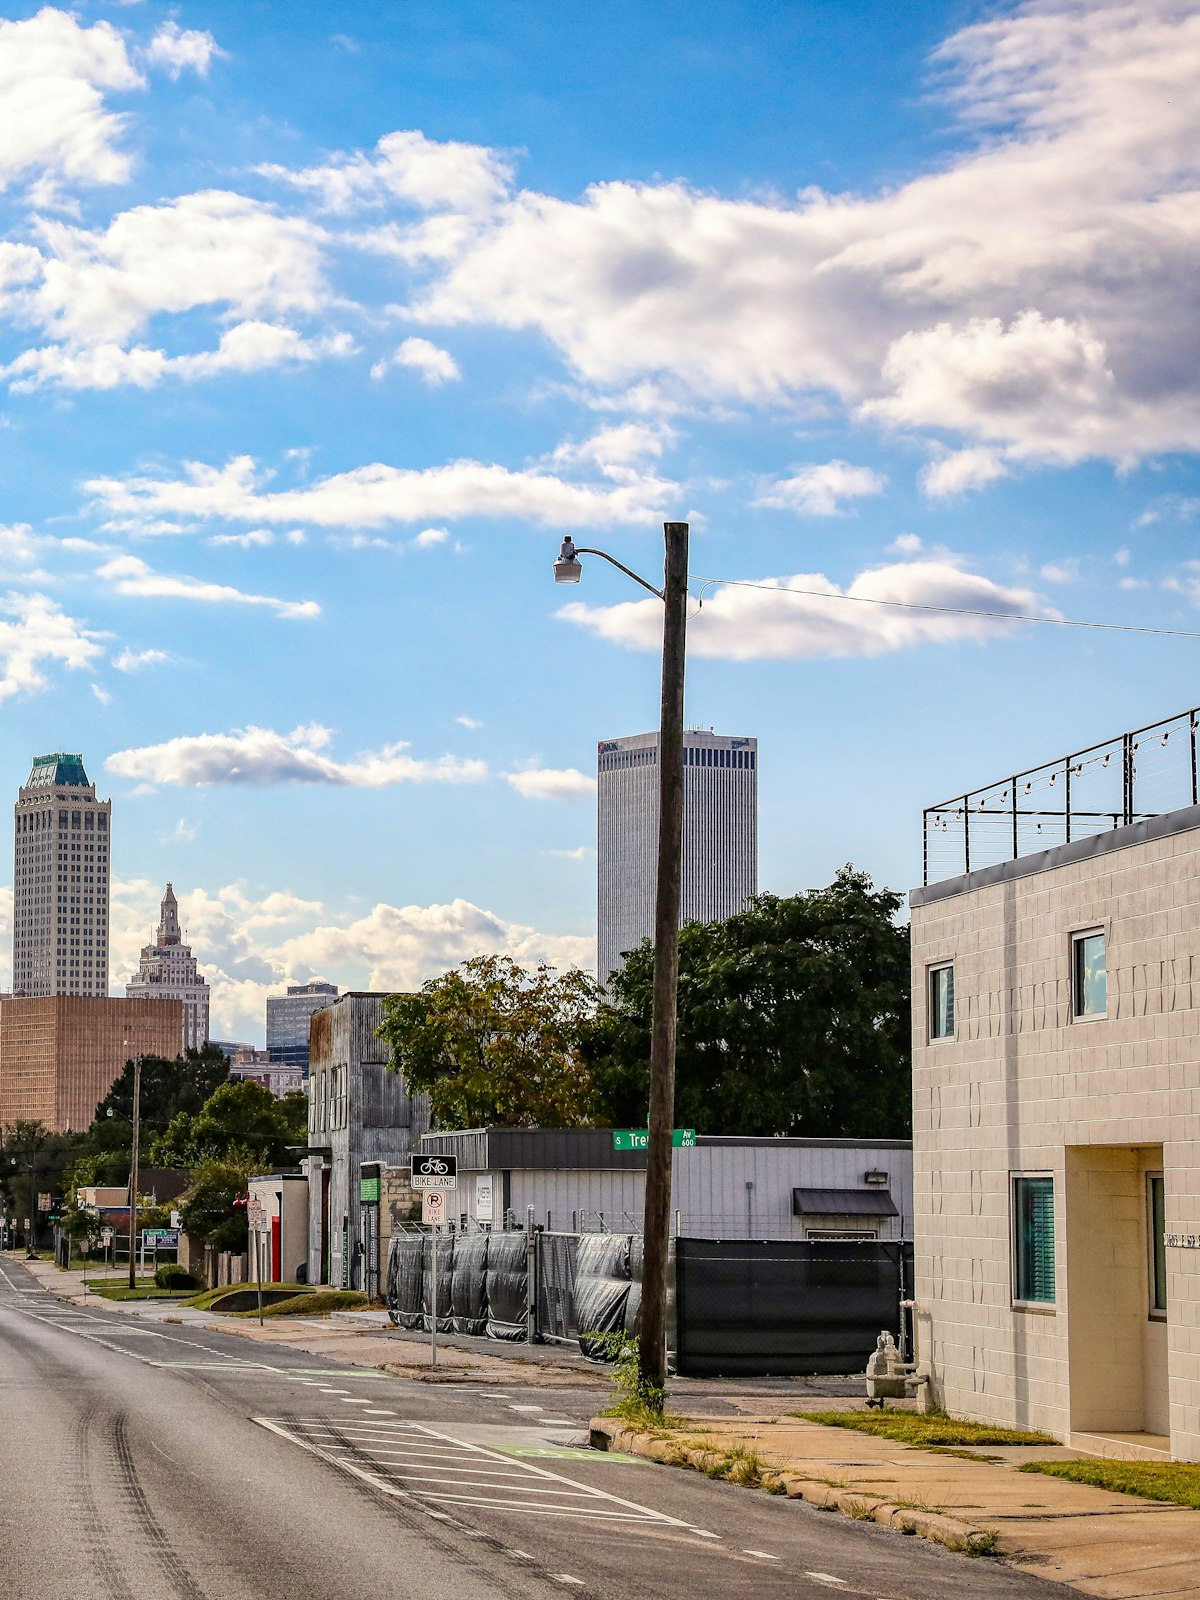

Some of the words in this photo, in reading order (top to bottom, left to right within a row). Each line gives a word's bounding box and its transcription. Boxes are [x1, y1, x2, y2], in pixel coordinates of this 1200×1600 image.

[616, 1136, 621, 1144] S
[629, 1133, 649, 1147] Tre
[683, 1130, 692, 1139] Av
[682, 1139, 694, 1147] 600
[415, 1177, 431, 1186] BIKE
[434, 1177, 454, 1186] LANE

————————

Before copying the data, remove the pictures. Then repeat the rest exactly.

_Response box_.
Some of the words in this photo, in reading order (top to bottom, left to right within a row). Each line gives a word's bounding box and its transcription. Boxes are [x1, y1, x2, y2], in pixel coordinates of this 1200×1600 image.

[616, 1136, 621, 1144] S
[629, 1133, 649, 1147] Tre
[683, 1130, 692, 1139] Av
[682, 1139, 694, 1147] 600
[415, 1177, 431, 1186] BIKE
[434, 1177, 454, 1186] LANE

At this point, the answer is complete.